Your goal:
The expected answer is the data below, printed verbatim without its pictures.

Provided entries:
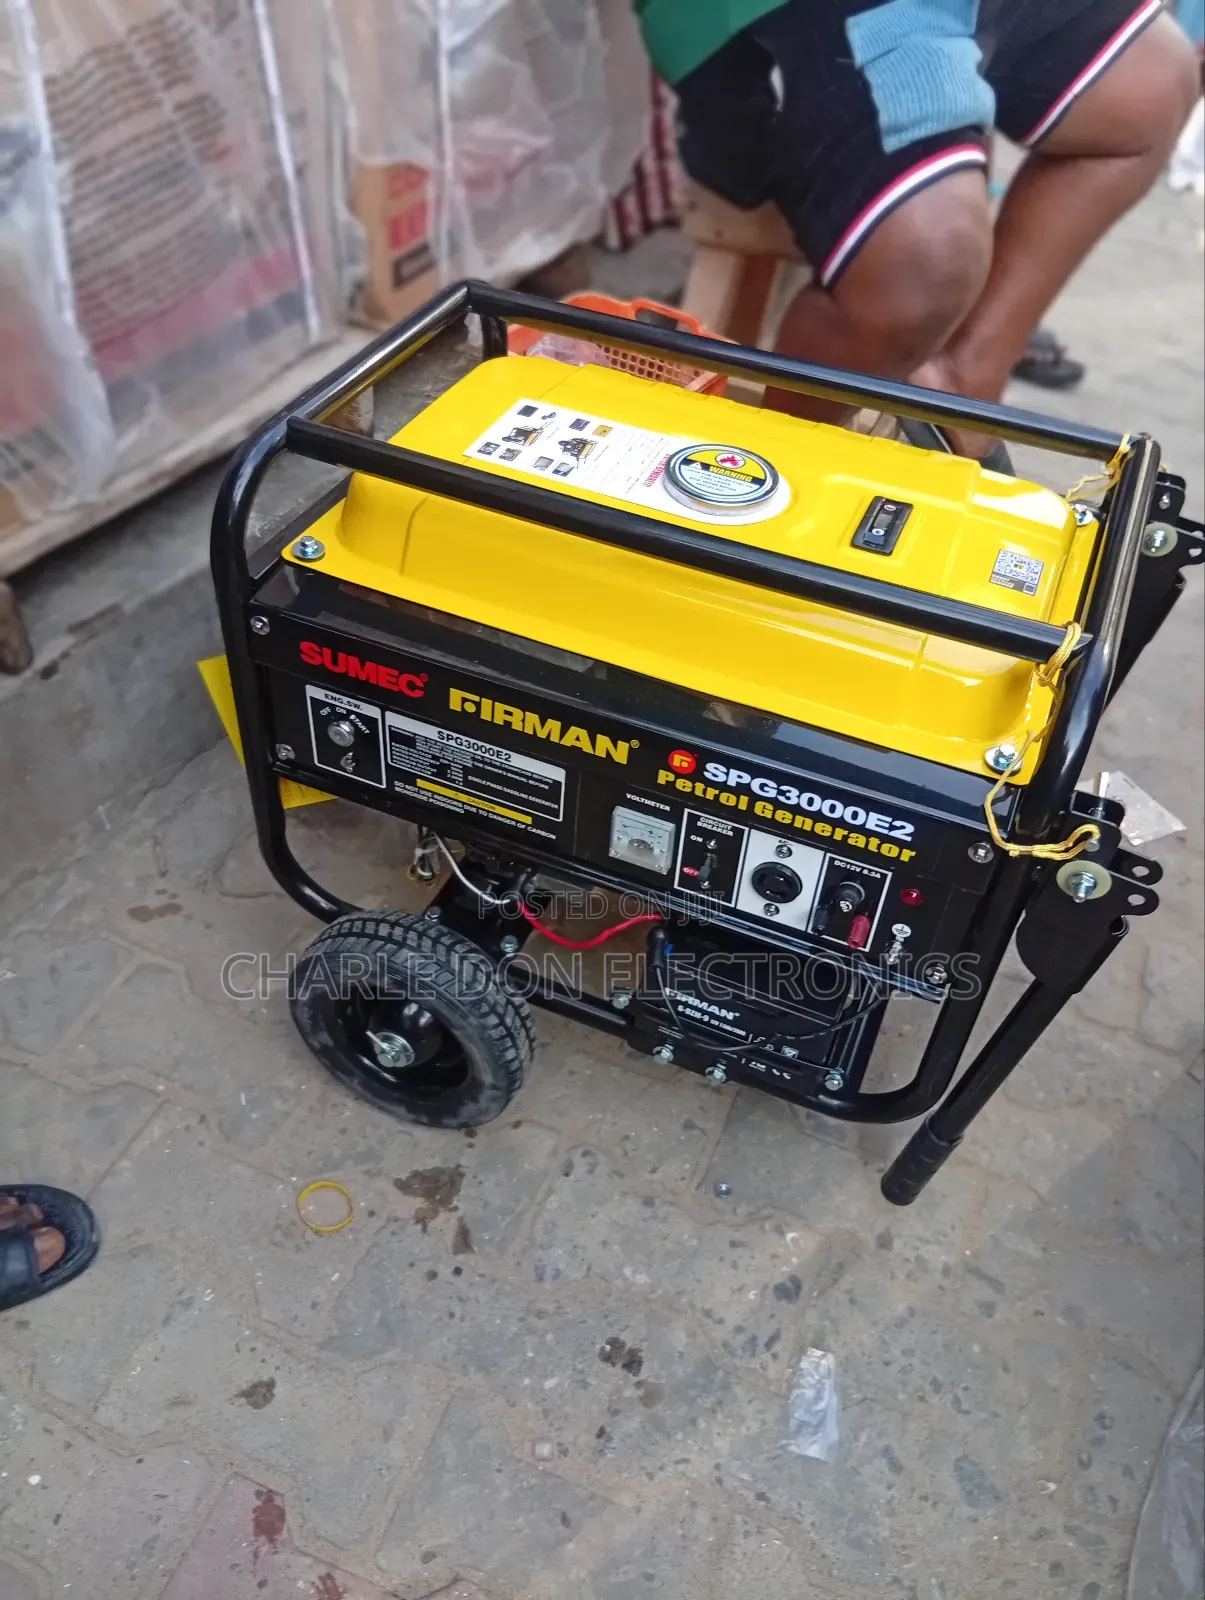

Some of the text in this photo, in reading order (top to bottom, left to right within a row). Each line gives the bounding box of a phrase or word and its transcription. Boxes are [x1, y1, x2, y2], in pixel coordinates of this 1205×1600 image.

[709, 465, 753, 483] WARNING
[437, 730, 512, 763] SPG3000E2
[467, 797, 497, 811] CAUTION
[626, 793, 671, 811] VOLTMETER
[703, 762, 915, 842] SPG3000E2
[657, 769, 916, 863] Petrol Generator
[700, 817, 732, 831] CIRCUIT
[697, 821, 734, 837] BREAKER
[690, 834, 703, 843] ON
[834, 860, 862, 872] DC12V

Reply to the exercise:
Some of the text in this photo, in reading order (top to bottom, left to right within a row). Each line gives the bounding box of a phrase or word and its transcription. Boxes are [x1, y1, x2, y2], in pixel coordinates of this 1205×1600 image.

[709, 465, 753, 483] WARNING
[437, 730, 512, 763] SPG3000E2
[467, 797, 497, 811] CAUTION
[626, 793, 671, 811] VOLTMETER
[703, 762, 915, 842] SPG3000E2
[657, 769, 916, 863] Petrol Generator
[700, 817, 732, 831] CIRCUIT
[697, 821, 734, 837] BREAKER
[690, 834, 703, 843] ON
[834, 860, 862, 872] DC12V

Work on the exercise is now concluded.